Supervulcanism contributed to at least three Mass Extinctions.
2. Supernova or Gamma Ray Burst
When two stars collide or a large star goes supernova (collapses into a black hole), it can create an extremely energetic explosion. This energy travels outward in the form of Gamma Rays, which are sort of like X-rays on steroids. If such an energetic explosion occurred somewhere ‘nearby’ earth, say anywhere in our galaxy, the resulting gamma ray burst could destroy the ozone layer and irradiate the earth’s surface. It would be sort of like Marvin the Martian finally getting his giant ray gun to work and frying Earth with it.
Everything dies but the cockroaches.
1. Astronomical Impact
There are a lot of big rocks floating around in space. Every once in a while, two of them come together. Whether it’s an asteroid or a commet or even something from outside our solar system, if any big chunk of space debris come crashing into Earth, we’re dead.

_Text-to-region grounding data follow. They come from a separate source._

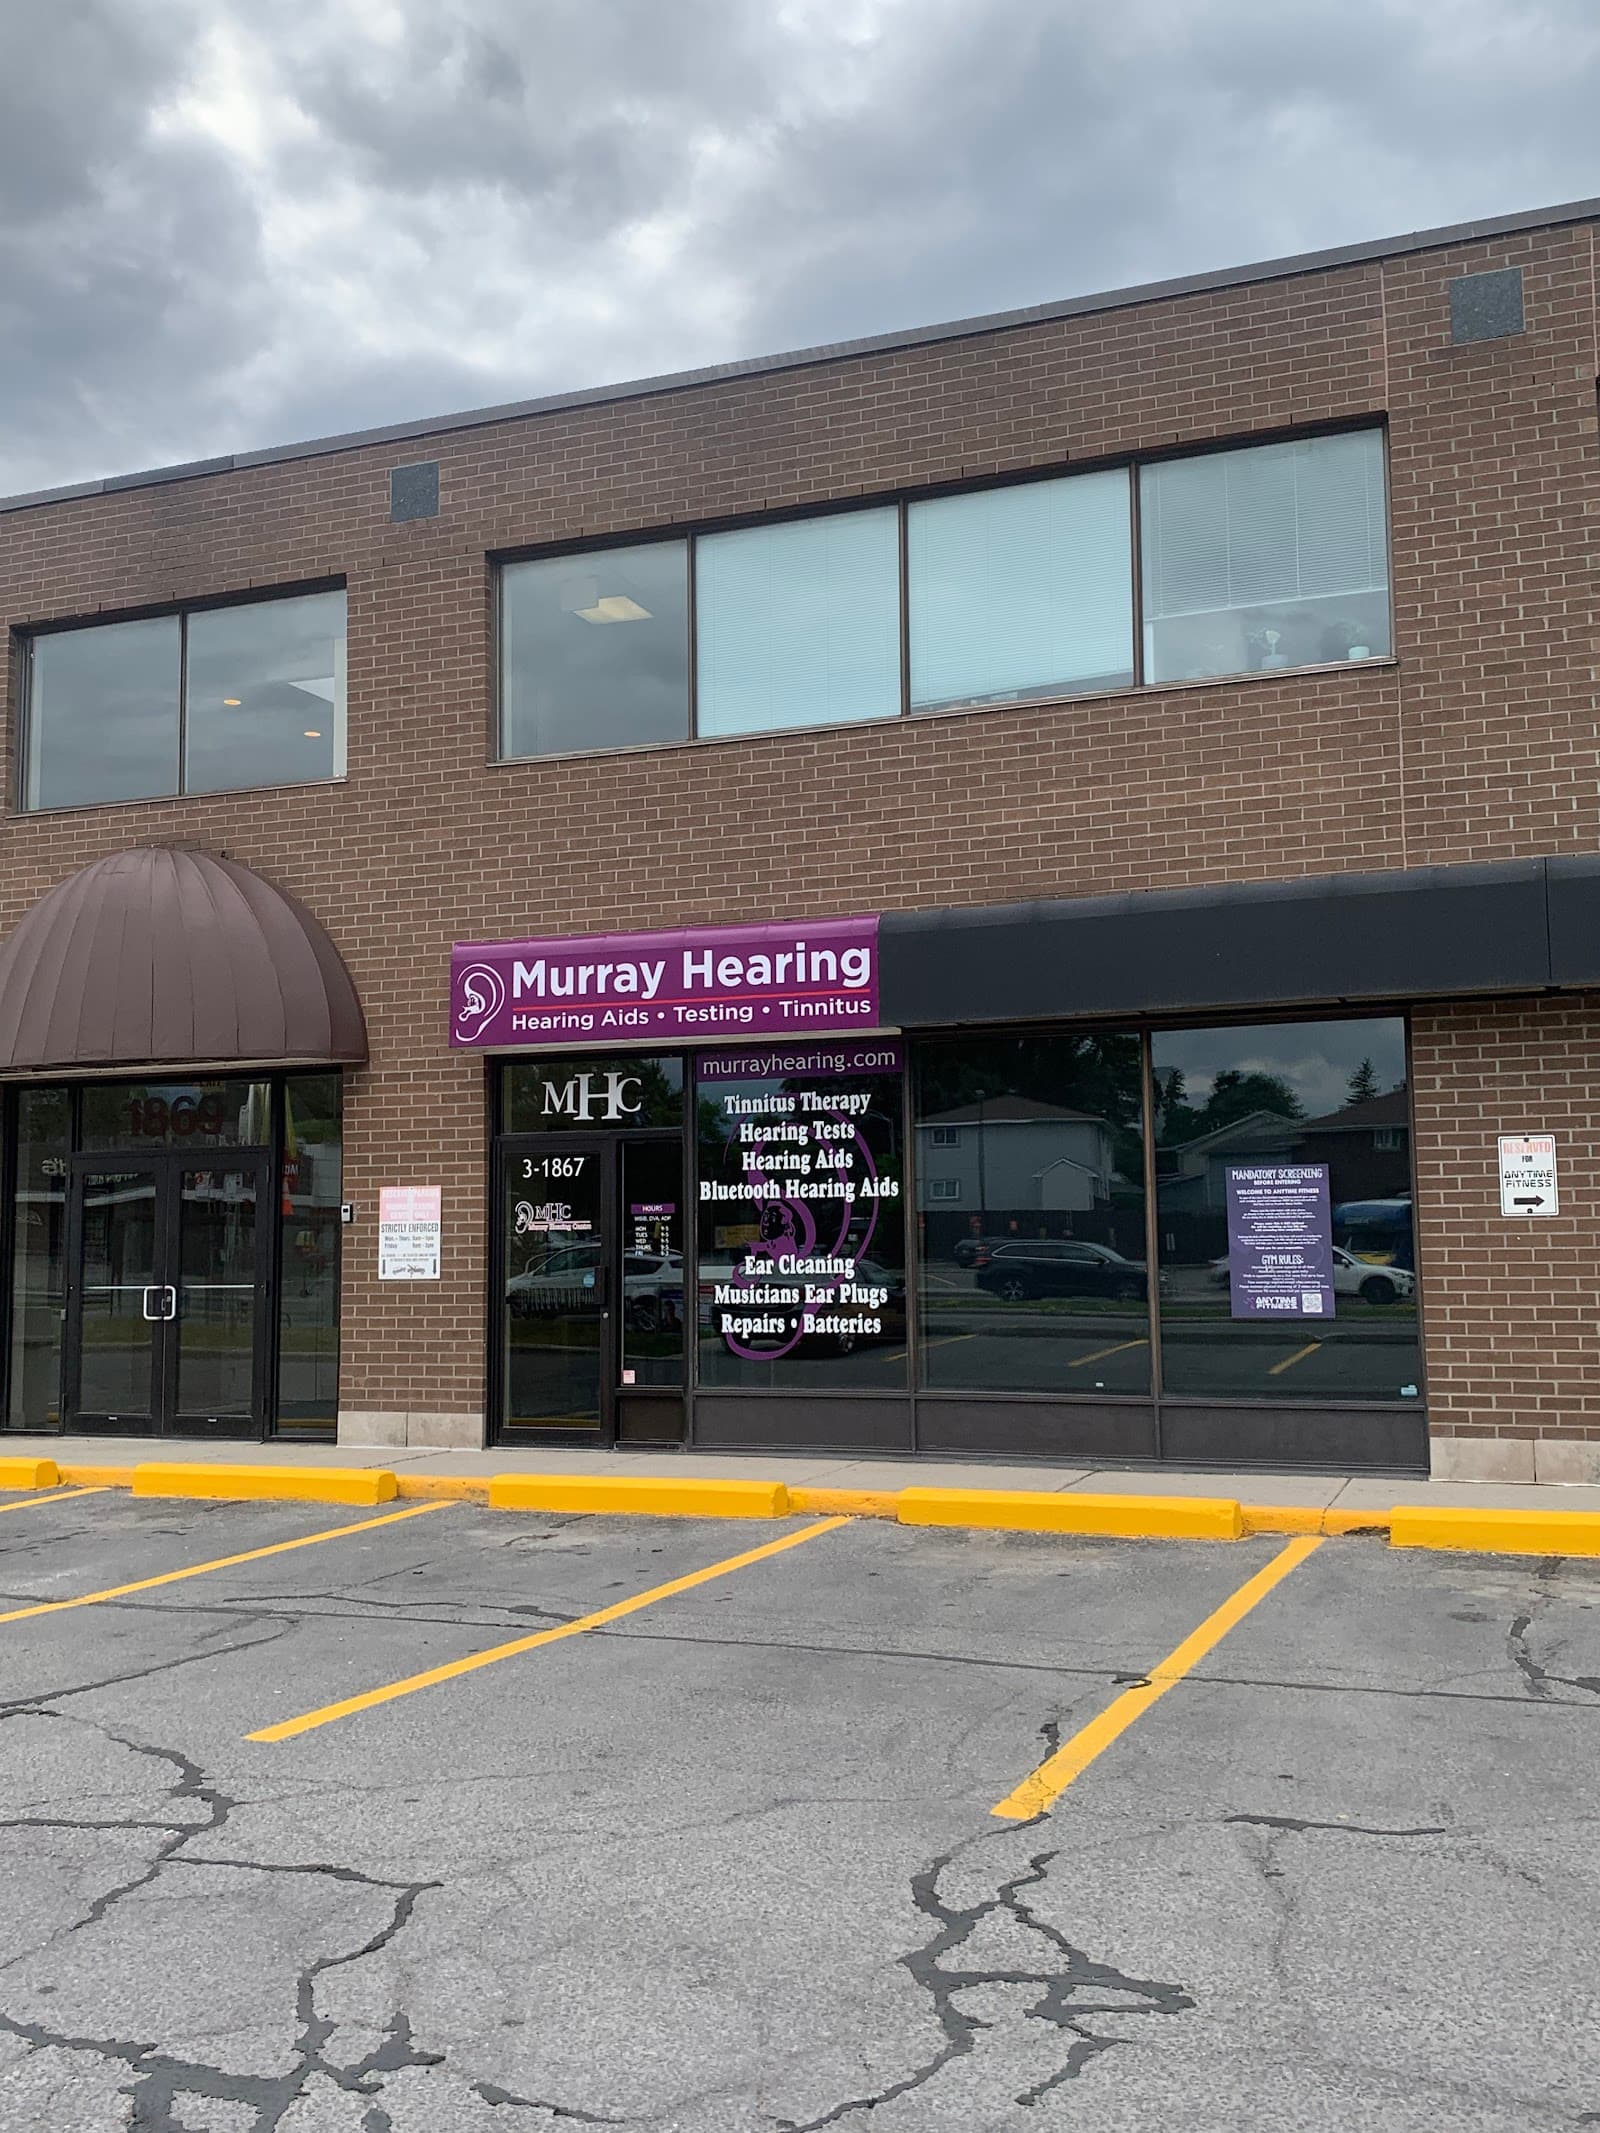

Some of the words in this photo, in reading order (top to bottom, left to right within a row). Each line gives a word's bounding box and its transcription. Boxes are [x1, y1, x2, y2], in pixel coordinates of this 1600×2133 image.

[512, 958, 666, 999] Murray
[683, 942, 871, 989] Hearing
[512, 1012, 594, 1032] Hearing
[601, 1008, 649, 1026] Aids
[673, 1003, 754, 1024] Testing
[779, 998, 872, 1018] Tinnitus
[703, 1051, 896, 1075] murrayhearing.com
[540, 1071, 642, 1121] MHC
[724, 1093, 795, 1115] Tinnitus
[800, 1092, 871, 1115] Therapy
[129, 1096, 226, 1137] 1869
[740, 1122, 808, 1145] Hearing
[812, 1120, 855, 1140] Tests
[522, 1157, 585, 1179] 3-1867
[742, 1151, 810, 1174] Hearing
[815, 1149, 853, 1169] Aids
[1232, 1169, 1276, 1180] MANDATORY
[1278, 1168, 1323, 1179] SCREENING
[1504, 1169, 1553, 1178] ANYTIME
[700, 1181, 780, 1201] Bluetooth
[785, 1179, 855, 1202] Hearing
[860, 1176, 899, 1198] Aids
[1505, 1179, 1552, 1188] FITNESS
[535, 1203, 571, 1221] MHC
[381, 1224, 407, 1233] STRICTLY
[408, 1223, 438, 1233] ENFORCED
[744, 1256, 773, 1275] Ear
[778, 1254, 855, 1279] Cleaning
[1261, 1255, 1278, 1264] GYM
[714, 1284, 799, 1305] Musicians
[804, 1284, 834, 1304] Ear
[839, 1283, 888, 1308] Plugs
[721, 1313, 785, 1338] Repairs
[803, 1313, 881, 1334] Batteries
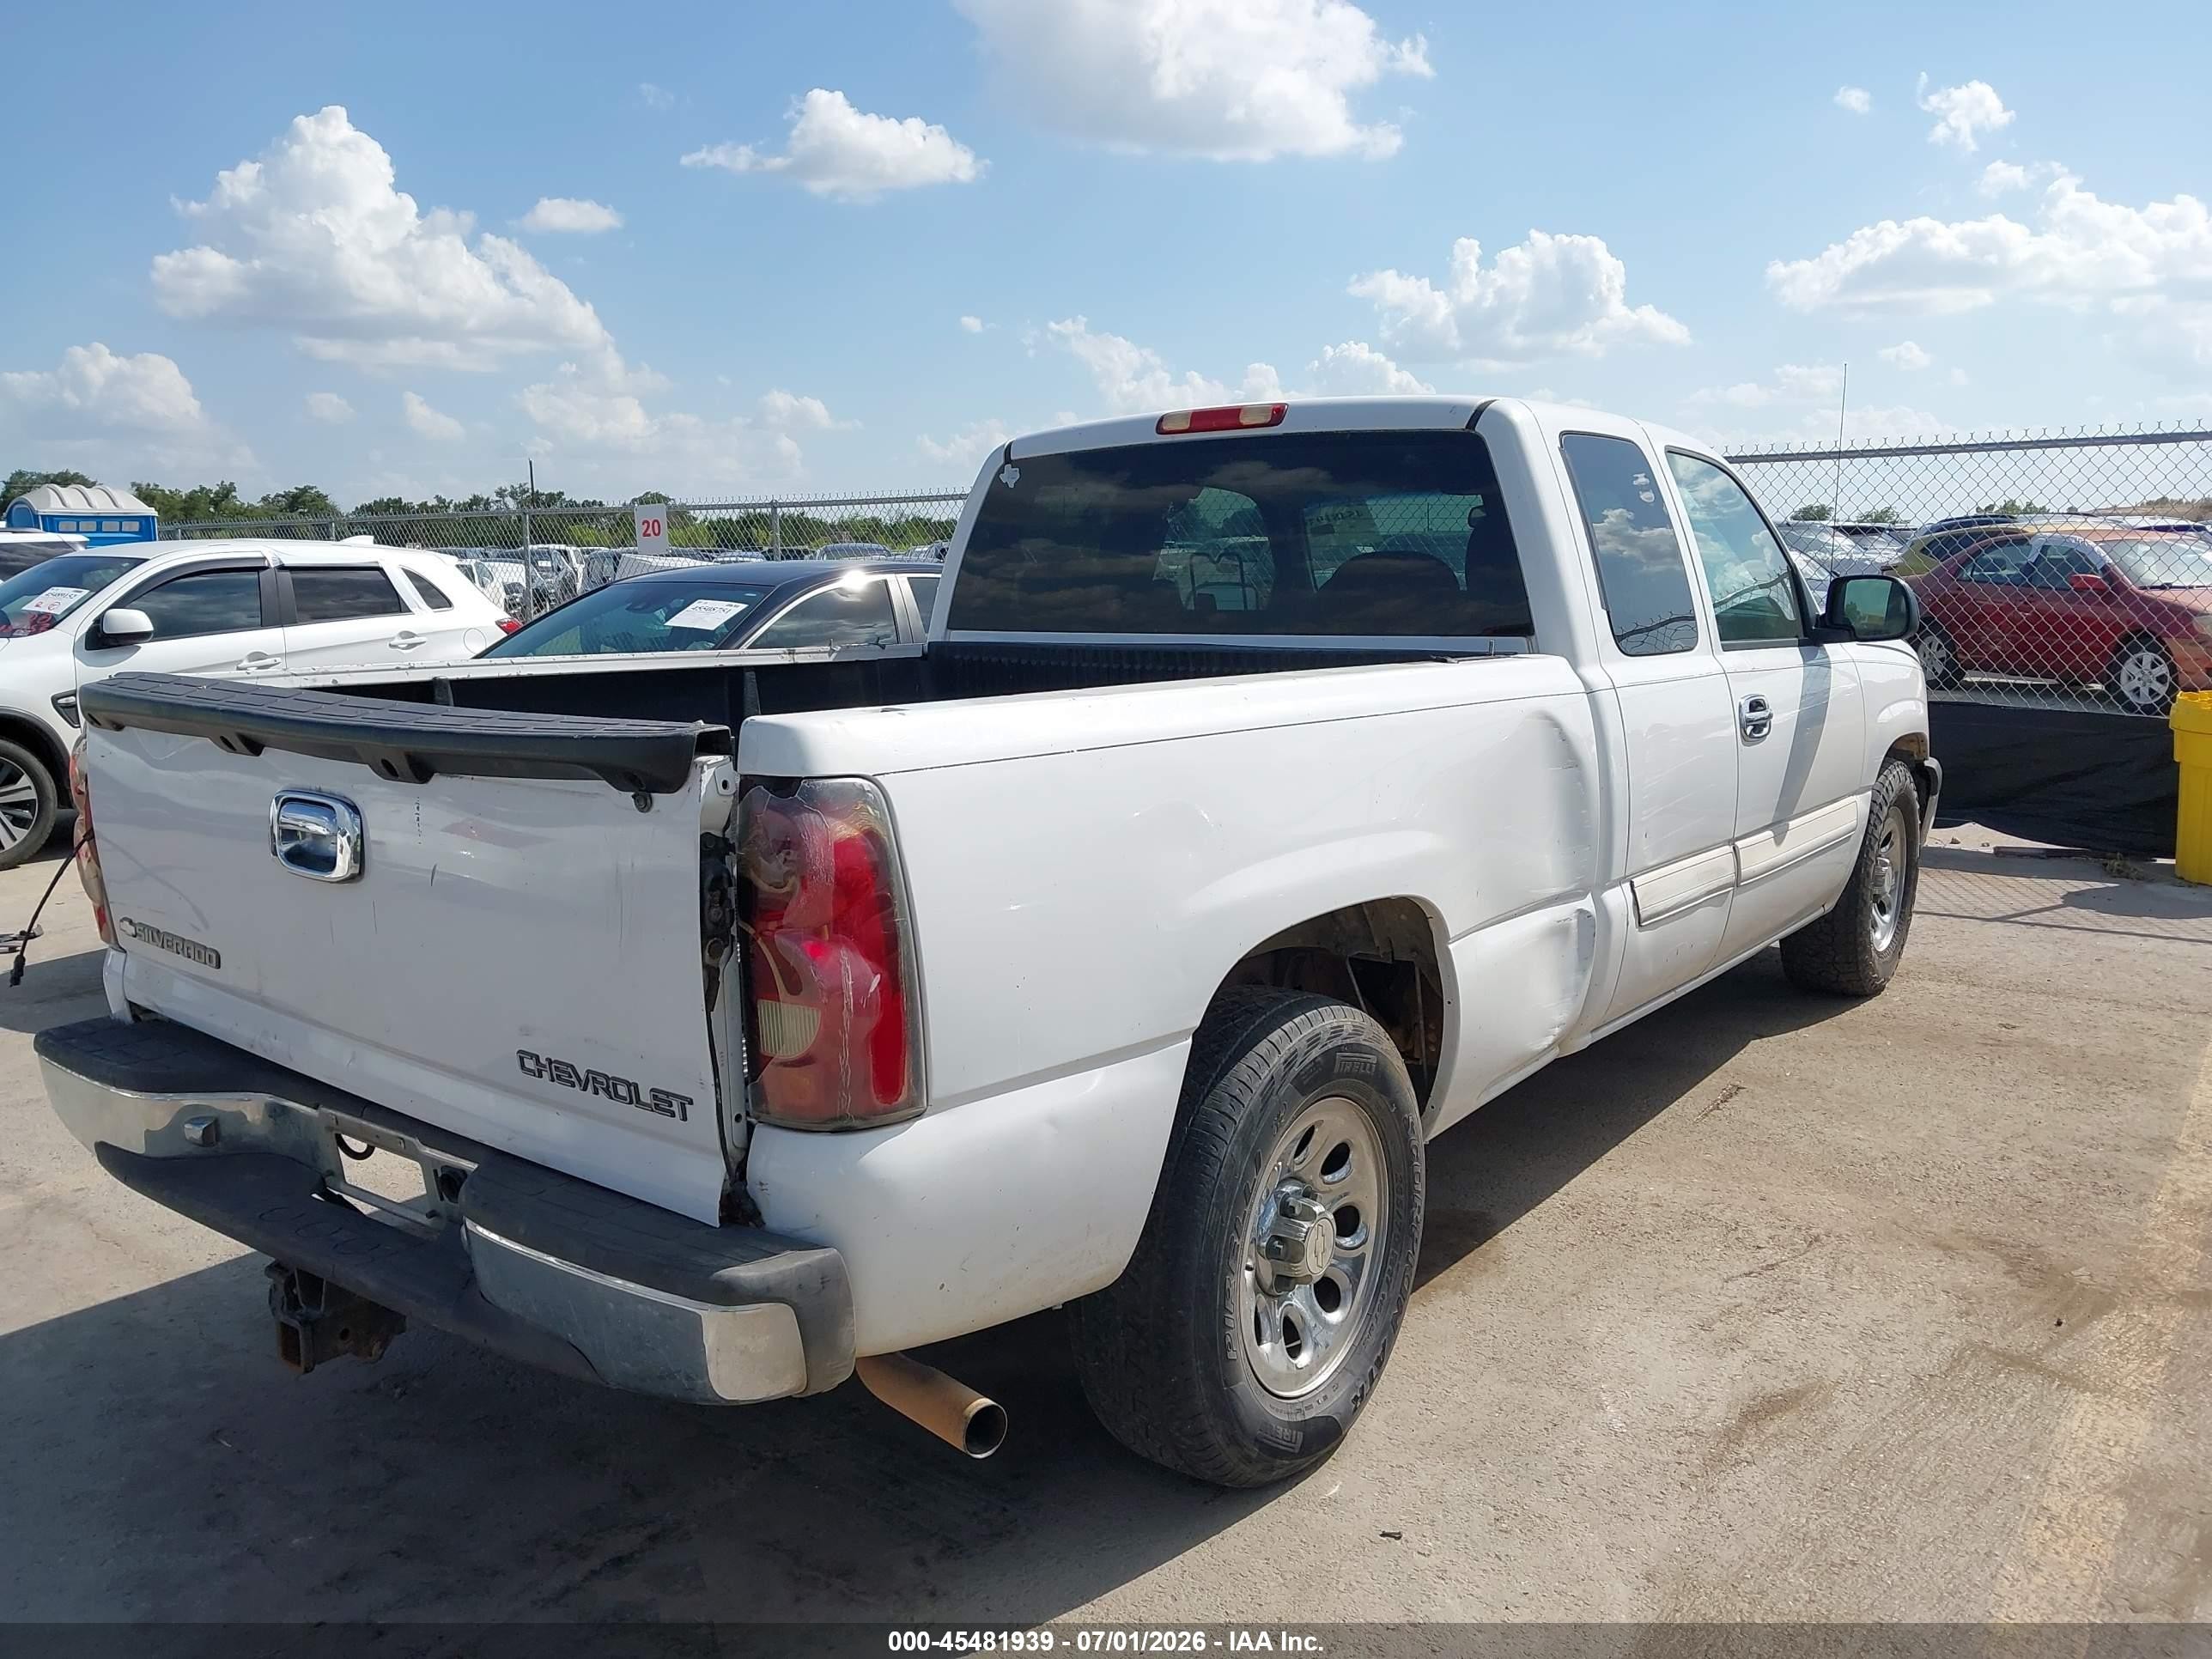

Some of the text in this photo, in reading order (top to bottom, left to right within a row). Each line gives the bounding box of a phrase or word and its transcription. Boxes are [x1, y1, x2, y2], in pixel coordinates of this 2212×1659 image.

[642, 519, 661, 537] 20
[137, 922, 221, 969] SILVERADO
[1334, 1052, 1377, 1073] PIRELLI
[516, 1049, 694, 1121] CHEVROLET
[1224, 1148, 1262, 1360] PIRELLI
[1256, 1424, 1304, 1454] PIRE

Strong evidence supports an impact causing the Cretaceous–Tertiary extinction event (the one that killed the dinosaurs). How did it happen? Well, when a 10km-wide rock slam into the ground, several things happen. First, there’s the initial explosion – several orders of magnitude more powerful than the nukes dropped on Hiroshima and Nagasaki. Depending where the impact occurs, that could kill millions, or just a whole lot of fish. Then there’s the earthquake. We’re talking a 16 on the Richter Scale – 100 000 time more powerful than any earthquake in human history. The ground would move in waves, tossing people and building about like boats on a seething ocean. It would decimate buildings and infrastructure all over the world. Imagine the aftermath of the worst earthquake ever, and all the hospitals have been destroyed.
Assuming you survive all of that, you’ll have the pleasure to freeze and/or starve to death when all the dust thrown into the atmosphere blocks out the sun, just as in supervulcanism.
Only the cockroaches survive.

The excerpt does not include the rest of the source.